Decision: The objectors were not admitted.

(1) G could not claim to be the original covenantee for the purpose of enforcing the covenant against a successor in title of the original covenantor. Under the rules relating to the transmission of the benefit and burden of a restrictive covenant, G had ceased to be the original covenantee when he disposed of the orange and green land in the 1990s; although he had subsequently repurchased the green land, there was no reason in principle why that should place him in any better position as to the enforcement of the covenant than his immediate predecessor in title or a purchaser who had not previously owned the land. The power to enforce surrendered by G when he sold the house and buildings could not subsequently be revived: London CC v Allen [1914] 3 KB 642 distinguished.

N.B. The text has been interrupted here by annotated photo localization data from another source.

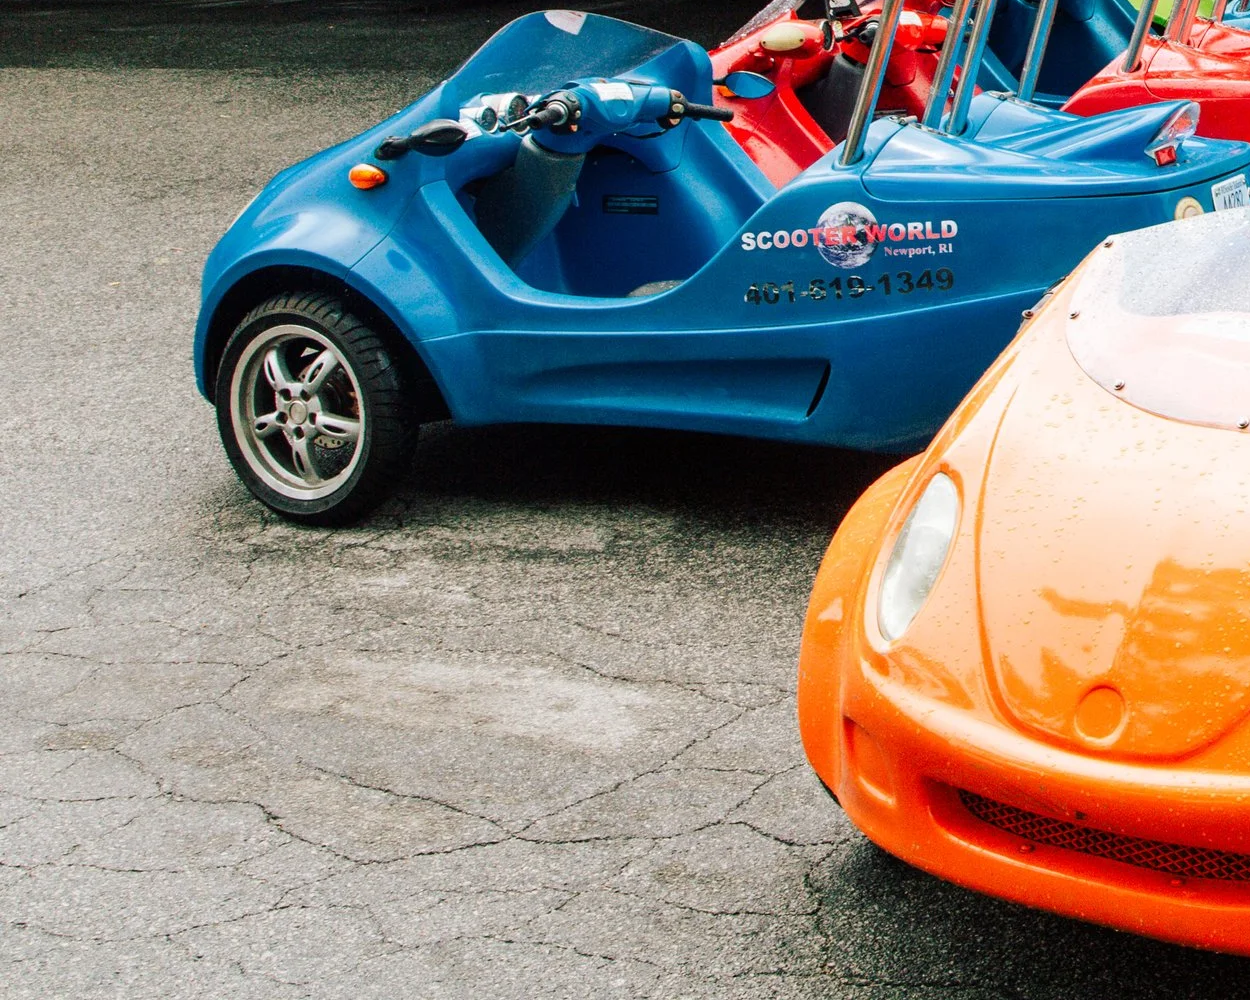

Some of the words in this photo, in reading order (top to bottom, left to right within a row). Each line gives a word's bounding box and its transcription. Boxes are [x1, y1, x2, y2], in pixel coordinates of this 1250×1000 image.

[742, 225, 857, 251] SCOOTER
[865, 220, 958, 244] WORLD
[884, 245, 936, 258] Newport,
[939, 243, 953, 254] RI
[744, 267, 954, 305] 401-619-1349

Moreover, even if G could claim to be the original covenantor, he would still have no entitlement unless the covenant had been imposed for the benefit of the green land and he could show that it was capable of being benefited by the covenant. There was insufficient evidence to show that the green land formed part of the “retained land” referred to in the 1991 transfer or that it could benefit from the restrictions.

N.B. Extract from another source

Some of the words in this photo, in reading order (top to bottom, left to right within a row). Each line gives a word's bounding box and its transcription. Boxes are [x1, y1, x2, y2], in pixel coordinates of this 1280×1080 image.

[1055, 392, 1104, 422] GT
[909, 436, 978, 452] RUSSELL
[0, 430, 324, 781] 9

(2) Consequently, neither G nor the trustees could enforce the covenant unless its benefit had been annexed to relevant land. The benefit of a covenant would be annexed only to such land as was both identified in the conveyance by express words or necessary implication as intended to be benefited and was described in such terms as enabled it to be easily ascertained from other evidence: Crest Nicholson Residential (South) Ltd v McAllister [2004] 2 EGLR 79; [2004] 24 EG 150 applied. The words “the retained land” in the 1991 transfer did not sufficiently identify the land to be benefited as the orange and green land. Since the Land Registry entry referred to the land conveyed as forming part of the land comprised in a 1975 deed of gift, and the deed of gift had been lost, it was impossible to establish what land was included, nor was it implicit that the “retained land” was the whole of it or, if a part of it, which part. There was nothing in respect of the orange or the green land that would enable a purchaser of the application land readily to ascertain what the retained land was. Accordingly, the covenant was not annexed to any land and neither G nor the trustees could enforce it by virtue of their ownership of the orange or green land, nor could G rely on section 78(1) to enforce it.

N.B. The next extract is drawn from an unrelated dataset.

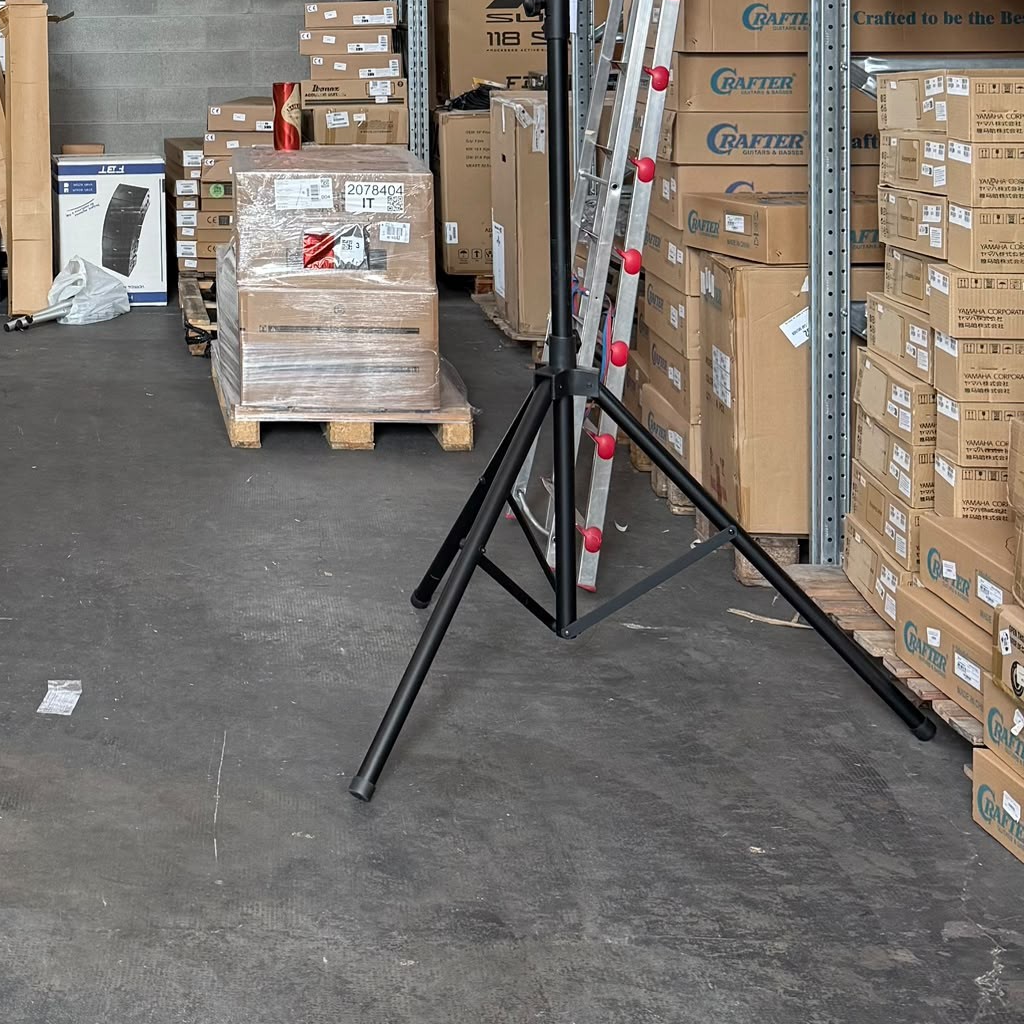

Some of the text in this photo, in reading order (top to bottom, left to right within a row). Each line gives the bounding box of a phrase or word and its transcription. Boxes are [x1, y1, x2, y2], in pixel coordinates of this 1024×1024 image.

(3) G could not be admitted to object to the application as an original covenantee who could maintain a claim for nominal damages against the original covenantors. The power of the Lands Tribunal to discharge or modify a covenant, which extended to “any freehold land affected by a restriction”, did not extend to a covenant that was enforceable in contract only, since there was no freehold land that was affected in any way that was relevant to the right of the covenantee. Therefore, where an application under section 84 was made, only a person appearing to have the benefit of the covenant by virtue of an interest in the application land was entitled to be admitted as an objector, and a person with a purely contractual right could not object.

Martin Hutchings (instructed by IBB Solicitors, of Uxbridge) appeared for the applicants; Daniel Gatty (instructed by Richard Wilson & Co, of Goring-on-Thames) appeared for the objectors.